Esattamente: la frase in sè dal punto di vista grammaticale è corretta, solo che chi la pronuncia utilizza "ancora" in maniera scorretta.


----------



## Astropolyp

Paulfromitaly ha ragione. Una frase come _sei stato ancora in quella pizzeria?_ può significare in certi usi regionali _se già stato (per la prima volta) in quella pizzeria?_

In Toscana frasi del genere sono comunissime e il loro significato è chiarito dal contesto, dalla posizione di _ancora_ nella frase e dal tono della voce:
-_Hai ancora fatto la lavatrice?_ = L'hai già fatta la lavatrice o la farai più tardi?
-_Glielo hai ancora detto?_ = Glielo hai già detto? 
Cambiando l'ordine delle parole il senso di _ancora_ può tornare ad essere quello standard: _Glielo hai detto ancora?_ = Glielo hai detto di nuovo?/Glielo hai già detto?

Il Garzanti online conferma che tale accezione di _ancora_ è un regionalismo e che un tempo era lecita:
_5 *(ant. o region.)* già, ormai: domandò... se egli *ancora* maritata l'avesse (BOCCACCIO Dec. X, 7) _

Comuque una espressione come _me lo aveva detto ancora l'altra volta_ mi è sconosciuta e mi suona innaturale.
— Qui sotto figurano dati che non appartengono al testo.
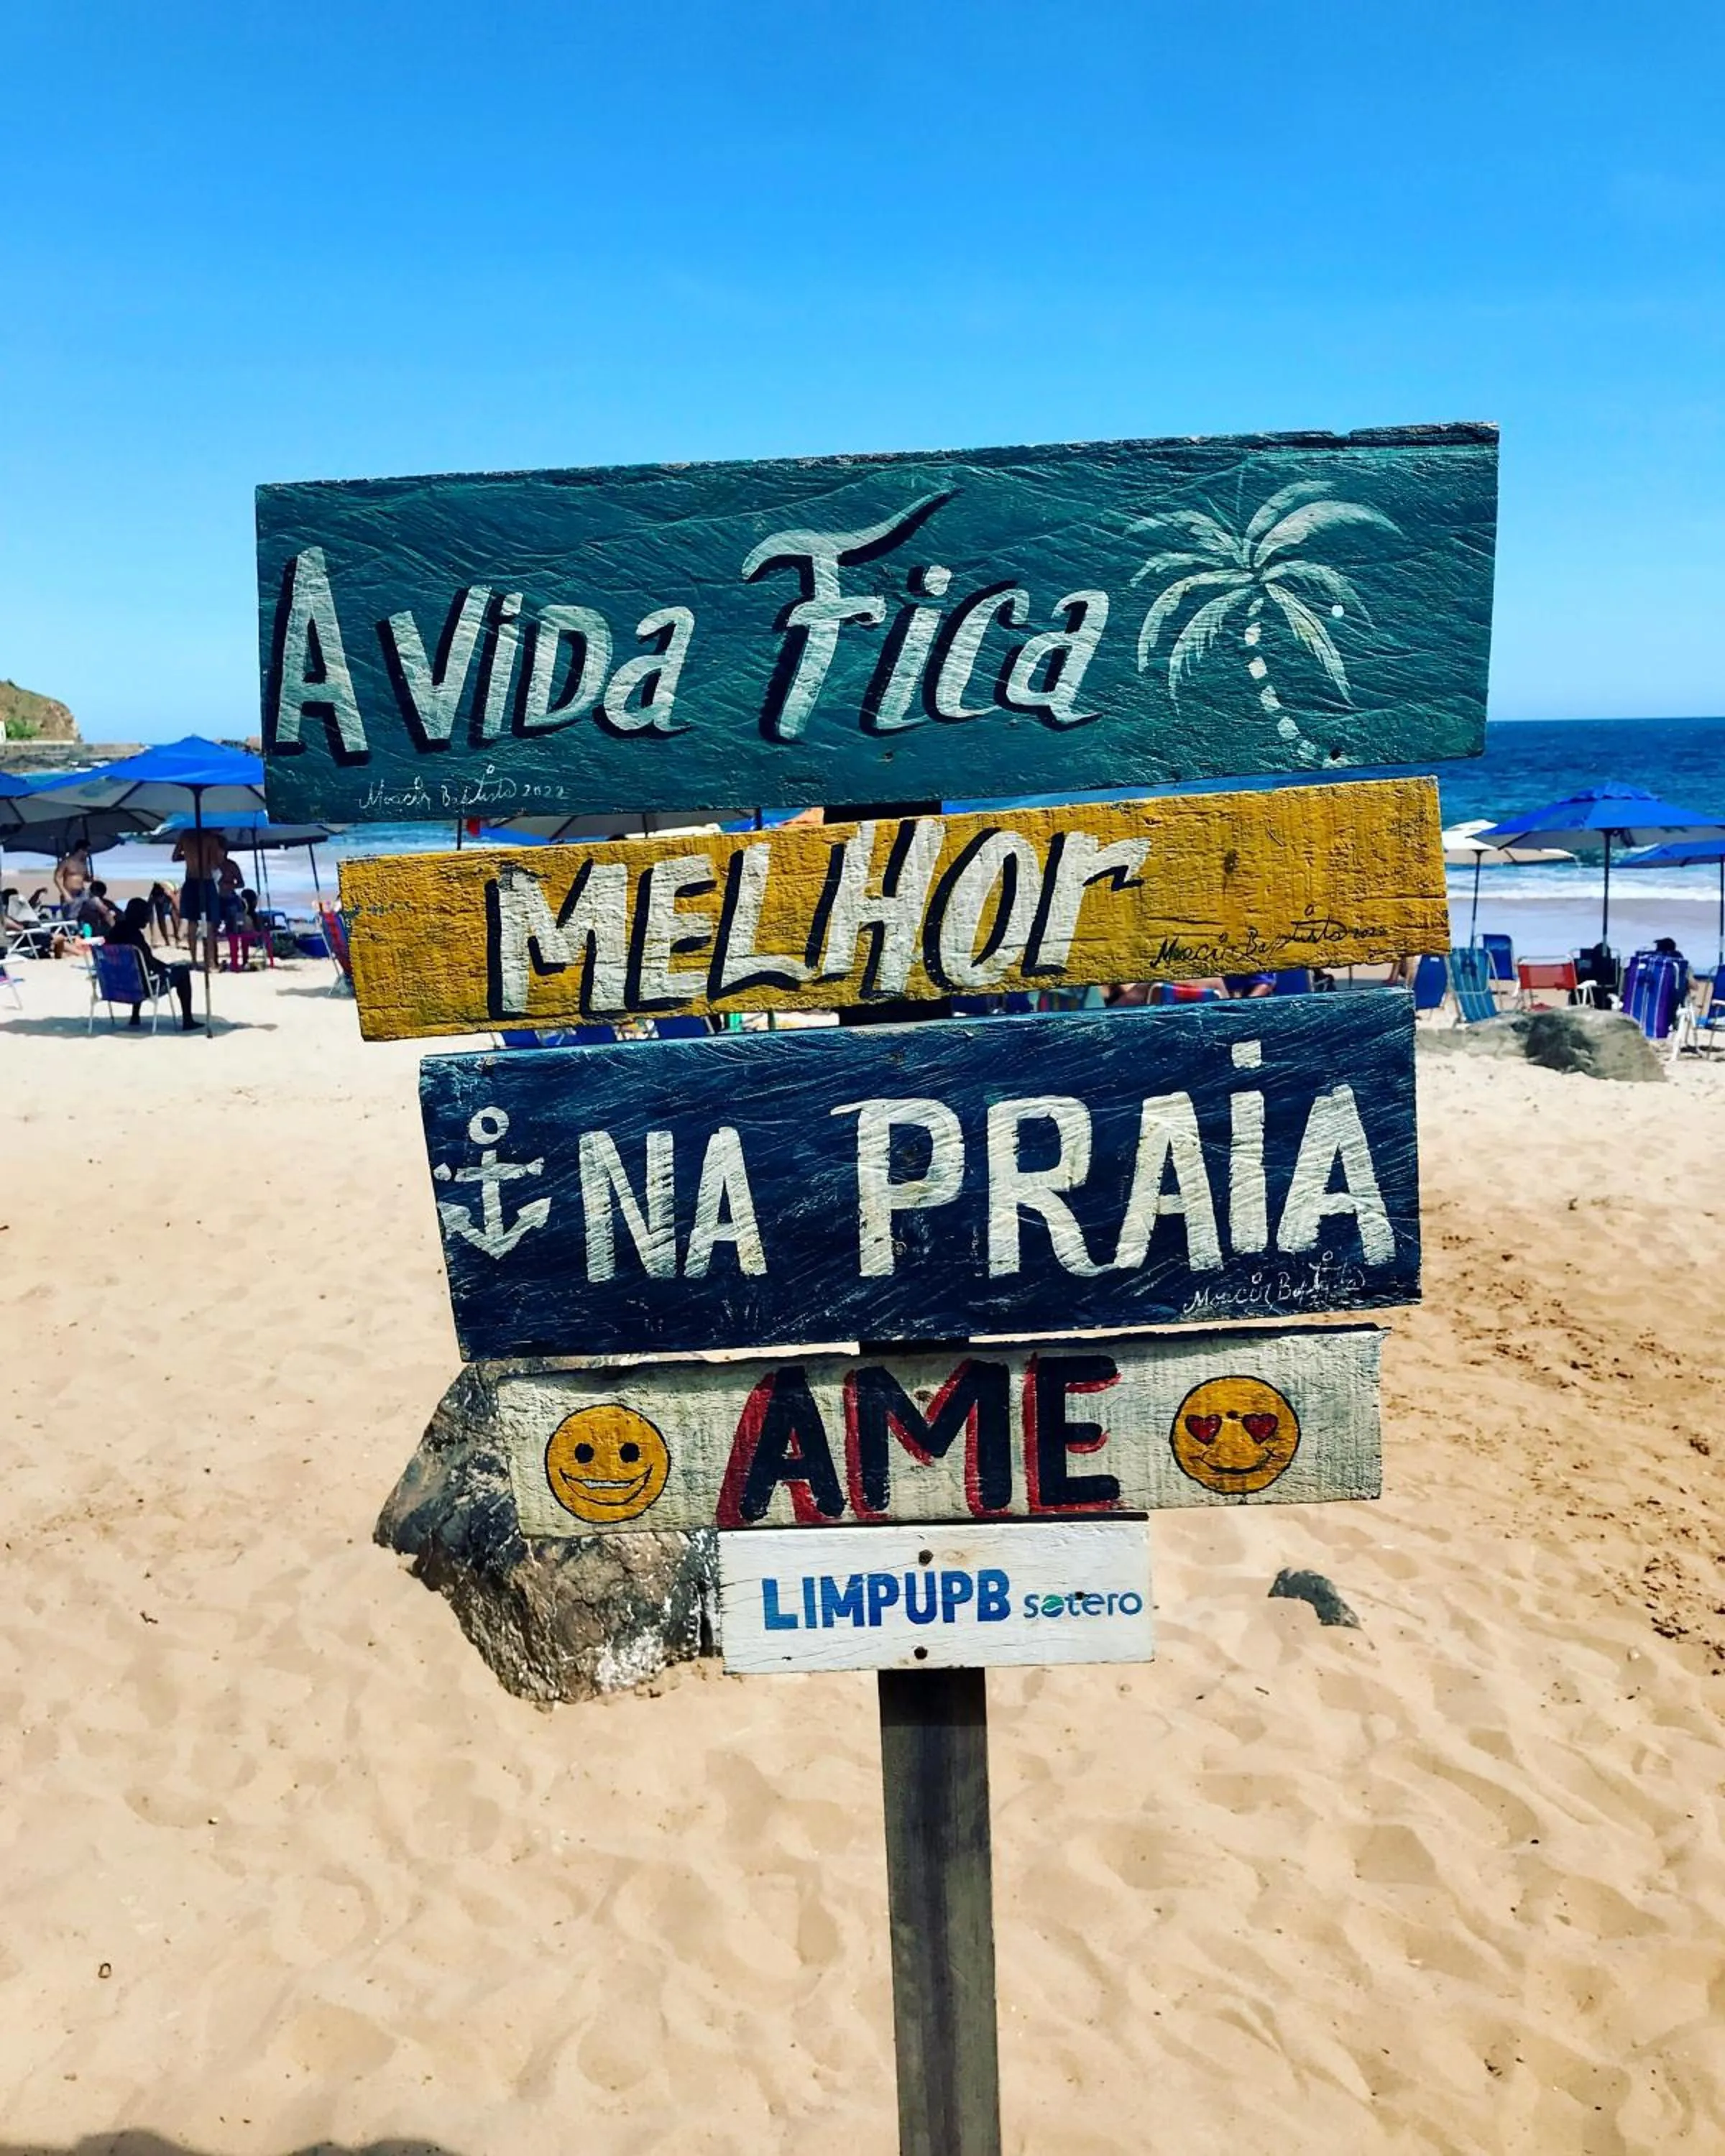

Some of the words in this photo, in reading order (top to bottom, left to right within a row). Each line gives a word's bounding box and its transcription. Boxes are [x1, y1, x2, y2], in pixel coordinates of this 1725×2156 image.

[270, 545, 369, 766] A
[578, 1126, 768, 1284] NA
[714, 1352, 1123, 1526] AME
Evidentemente _ancora_ nel senso di _già_ è usato in contesti leggermente diversi a seconda della zona.

A questo punto mi chiedo: in quali regioni d'Italia, a parte la Lombardia e la Toscana, si usa _ancora_ in questo modo?


----------



## MünchnerFax

Nella mia famiglia si usava e si usa (Liguria), ma ripeto, non con il significato di _già_ bensì con quello proprio di "di nuovo", come ho spiegato precedentemente. _Me l'aveva detto ancora l'altra volta_ è una frase lecita (dal mio punto di vista e per la mia esperienza), ma decisamente diversa da _me l'aveva già detto l'altra volta._


----------



## effeundici

Scusa,ma in quale parte della Toscana perché a me sembra di non averlo mai sentito?



Astropolyp said:


> Paulfromitaly ha ragione. Una frase come _sei stato ancora in quella pizzeria?_ può significare in certi usi regionali _se già stato (per la prima volta) in quella pizzeria?_
> 
> In Toscana frasi del genere sono comunissime e il loro significato è chiarito dal contesto, dalla posizione di _ancora_ nella frase e dal tono della voce:
> -_Hai ancora fatto la lavatrice?_ = L'hai già fatta la lavatrice o la farai più tardi?
> -_Glielo hai ancora detto?_ = Glielo hai già detto?
> Cambiando l'ordine delle parole il senso di _ancora_ può tornare ad essere quello standard: _Glielo hai detto ancora?_ = Glielo hai detto di nuovo?/Glielo hai già detto?
> 
> Il Garzanti online conferma che tale accezione di _ancora_ è un regionalismo e che un tempo era lecita:
> _5 *(ant. o region.)* già, ormai: domandò... se egli *ancora* maritata l'avesse (BOCCACCIO Dec. X, 7) _
> 
> Comuque una espressione come _me lo aveva detto ancora l'altra volta_ mi è sconosciuta e mi suona innaturale. Evidentemente _ancora_ nel senso di _già_ è usato in contesti leggermente diversi a seconda della zona.
> 
> A questo punto mi chiedo: in quali regioni d'Italia, a parte la Lombardia e la Toscana, si usa _ancora_ in questo modo?


----------



## Astropolyp

effeundici said:


> Scusa,ma in quale parte della Toscana perché a me sembra di non averlo mai sentito?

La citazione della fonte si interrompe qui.